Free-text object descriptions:
....

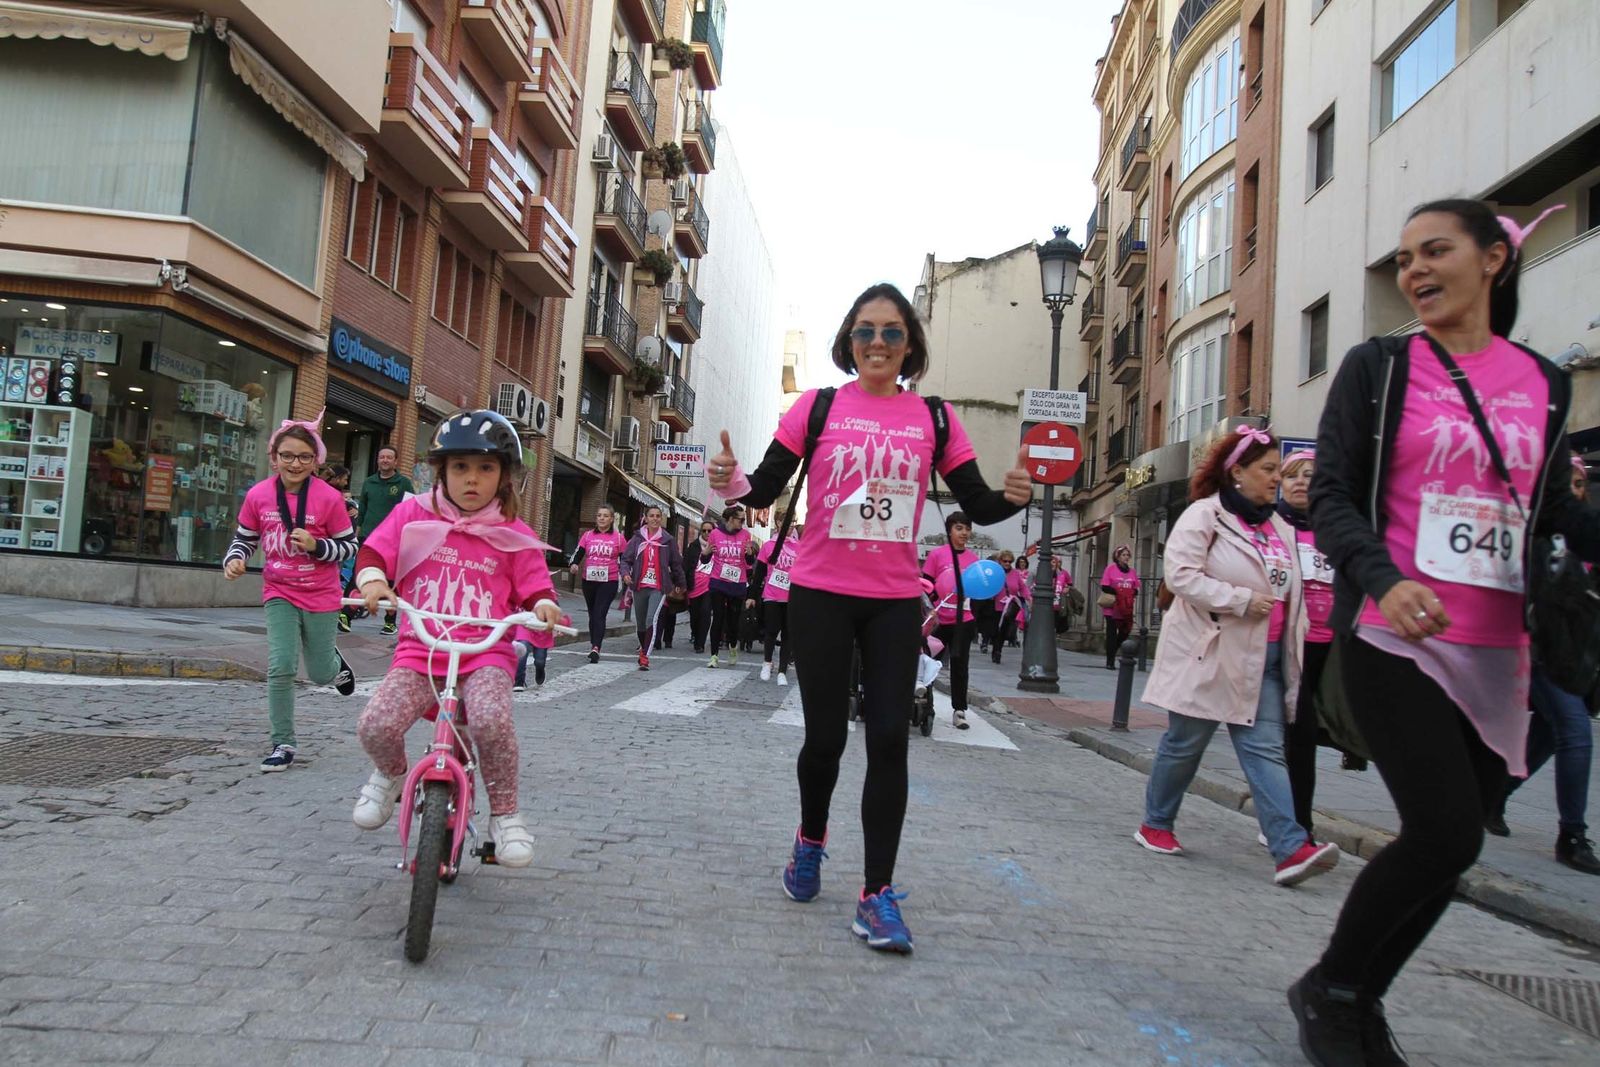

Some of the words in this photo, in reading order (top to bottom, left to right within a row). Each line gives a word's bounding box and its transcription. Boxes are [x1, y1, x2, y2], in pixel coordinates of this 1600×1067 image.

[383, 357, 410, 385] store
[1032, 390, 1054, 399] EXCEPTO
[1055, 392, 1078, 400] GARAJES
[1030, 399, 1043, 407] SOLO
[1044, 400, 1055, 408] CON
[1056, 401, 1070, 409] GRAN
[1072, 402, 1080, 410] VIA
[1028, 408, 1052, 417] CORTADA
[1052, 409, 1059, 417] AL
[1060, 410, 1081, 419] TRAFICO
[844, 417, 880, 428] CARRERA
[829, 422, 840, 430] DE
[841, 423, 851, 431] LA
[852, 423, 881, 434] MUJER
[888, 429, 924, 440] RUNNING
[660, 452, 700, 462] CASERO
[860, 497, 892, 520] 63
[1449, 523, 1513, 561] 649
[1269, 568, 1288, 587] 89
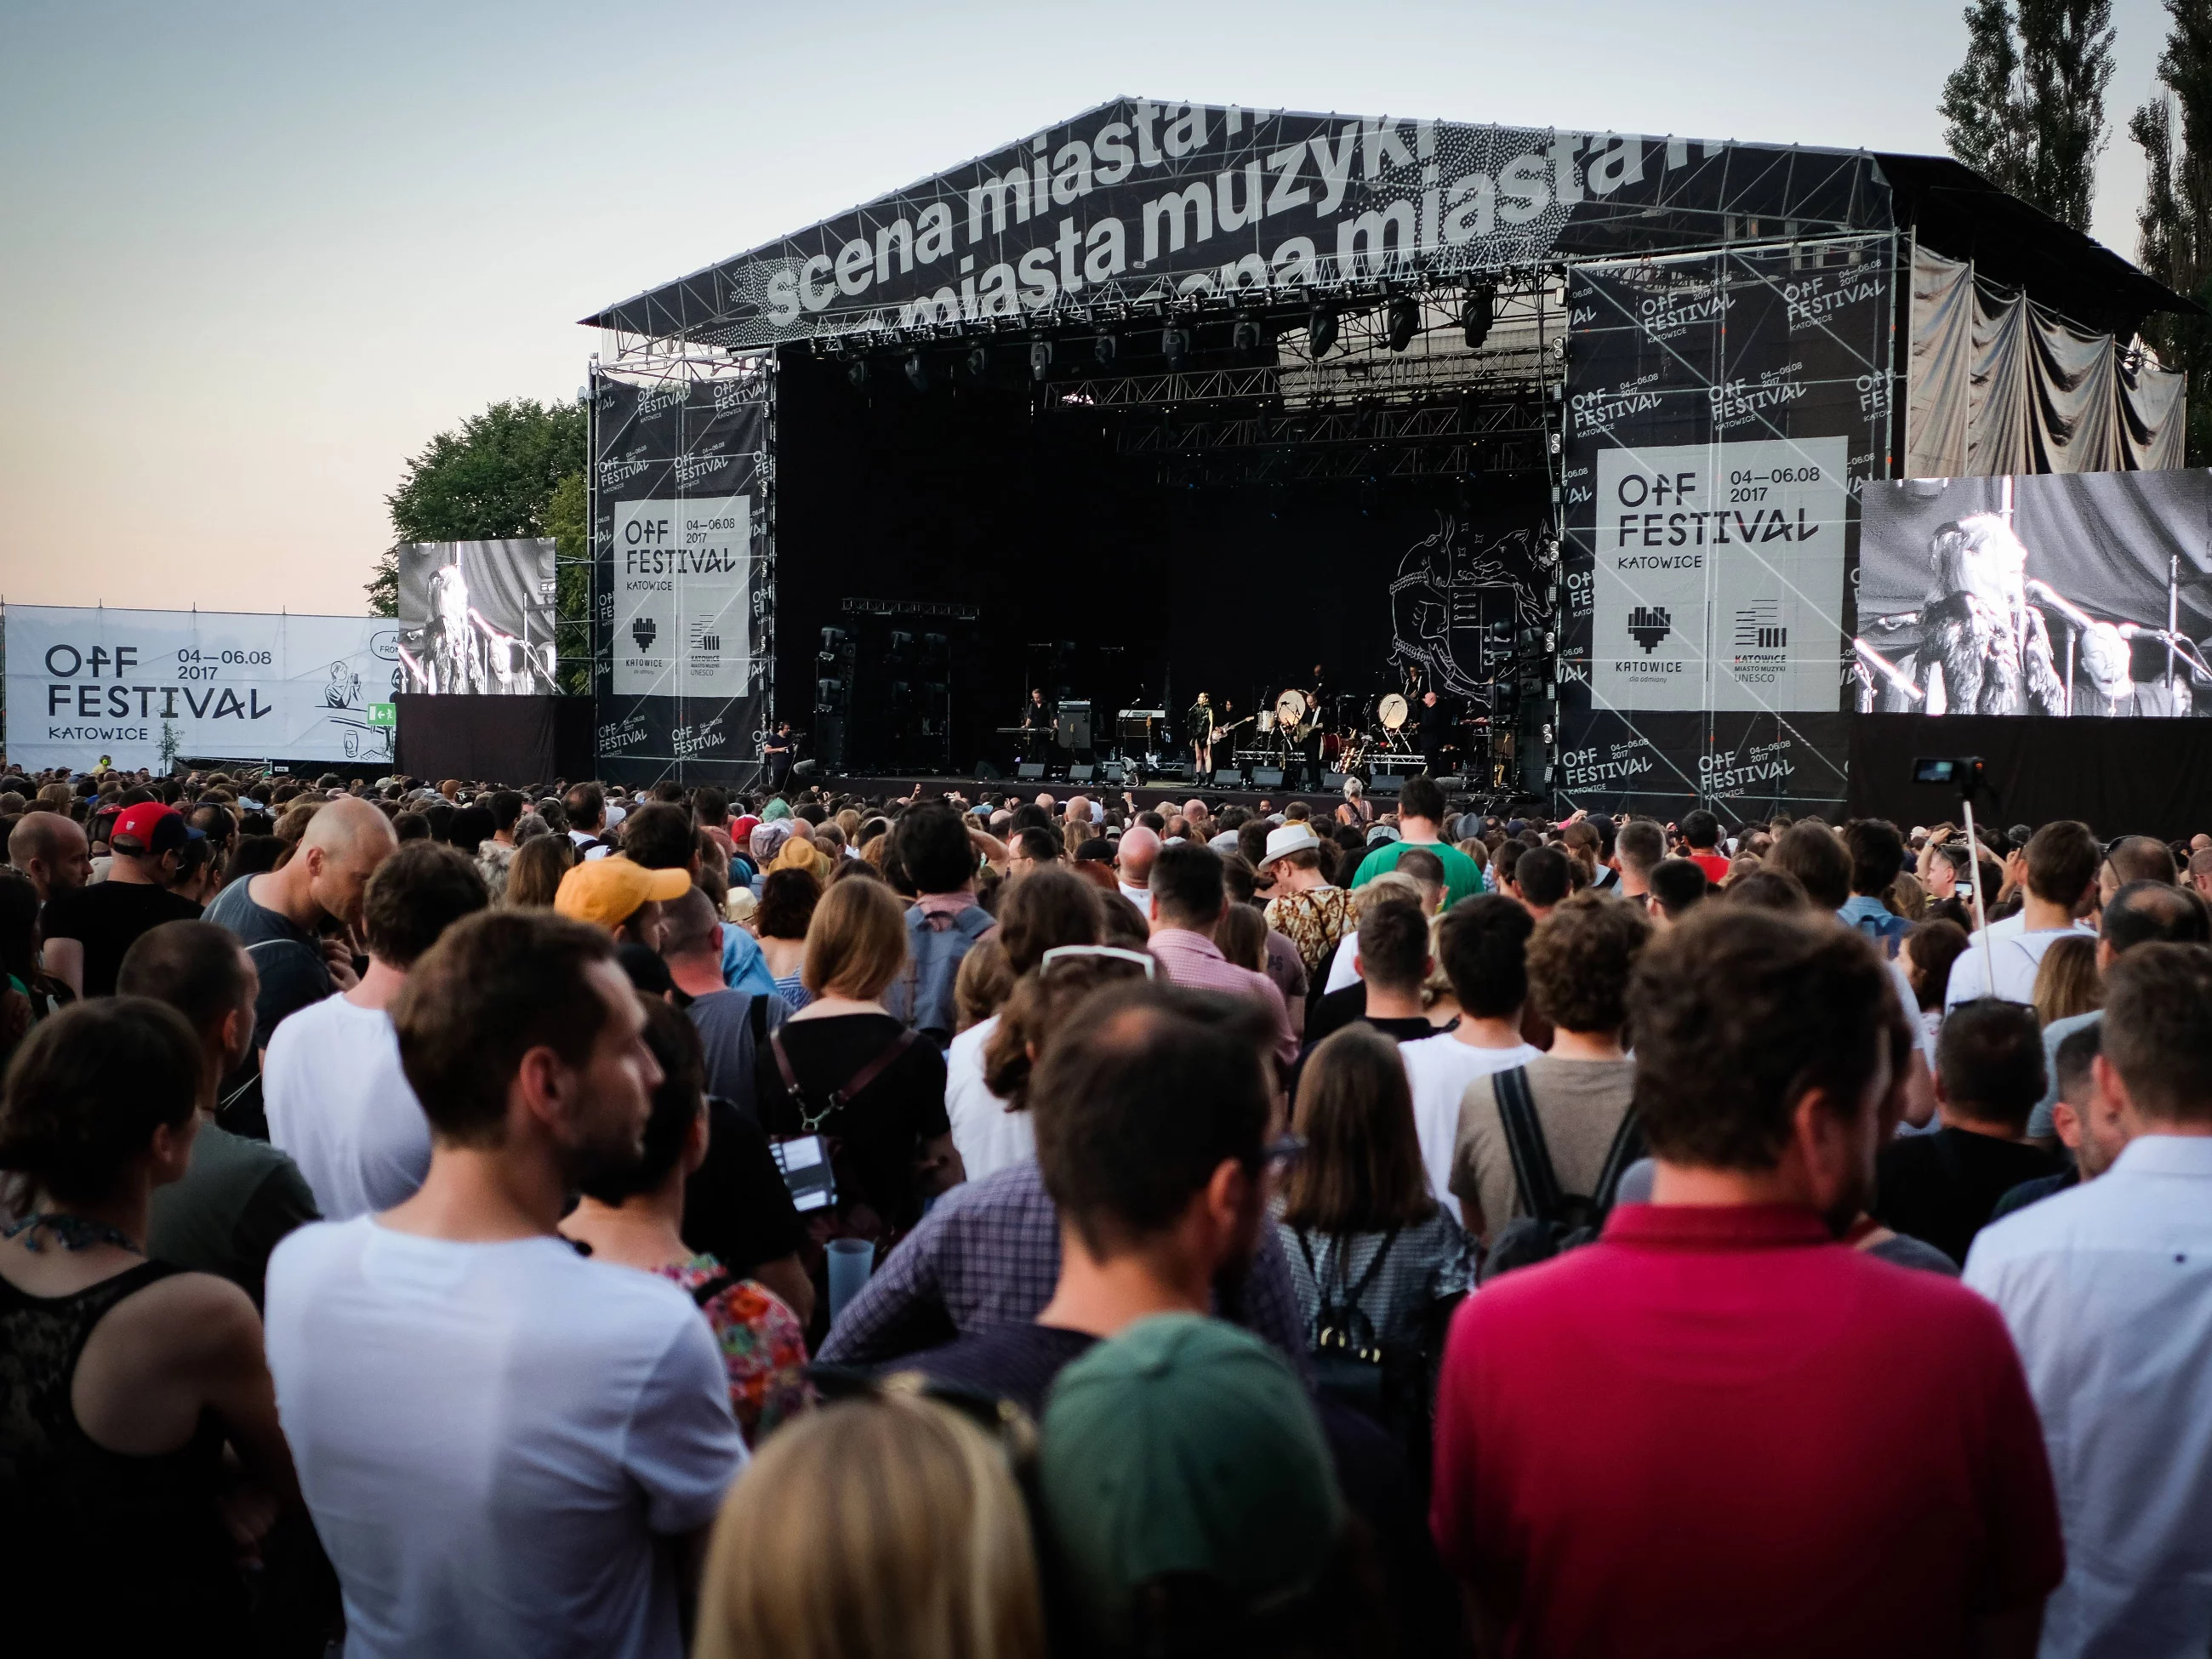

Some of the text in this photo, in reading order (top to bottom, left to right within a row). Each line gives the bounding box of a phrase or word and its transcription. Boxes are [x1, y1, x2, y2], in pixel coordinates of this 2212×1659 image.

....

EXERCISE: Could you write all the entries out again exactly, but without their pictures?

YOUR RESPONSE:
Some of the words in this photo, in reading order (top to bottom, left to right within a row). Each line gives a word's bounding box and its transcription. Boxes are [x1, y1, x2, y2], in pixel coordinates of this 1600×1067 image.

[383, 357, 410, 385] store
[1032, 390, 1054, 399] EXCEPTO
[1055, 392, 1078, 400] GARAJES
[1030, 399, 1043, 407] SOLO
[1044, 400, 1055, 408] CON
[1056, 401, 1070, 409] GRAN
[1072, 402, 1080, 410] VIA
[1028, 408, 1052, 417] CORTADA
[1052, 409, 1059, 417] AL
[1060, 410, 1081, 419] TRAFICO
[844, 417, 880, 428] CARRERA
[829, 422, 840, 430] DE
[841, 423, 851, 431] LA
[852, 423, 881, 434] MUJER
[888, 429, 924, 440] RUNNING
[660, 452, 700, 462] CASERO
[860, 497, 892, 520] 63
[1449, 523, 1513, 561] 649
[1269, 568, 1288, 587] 89

Some of the text in this photo, in reading order (top to bottom, left to right within a row). Each line gives the bounding box of a phrase or word and its transcription. Boxes are [x1, y1, x2, y2], in pixel coordinates of this 2212×1659 image.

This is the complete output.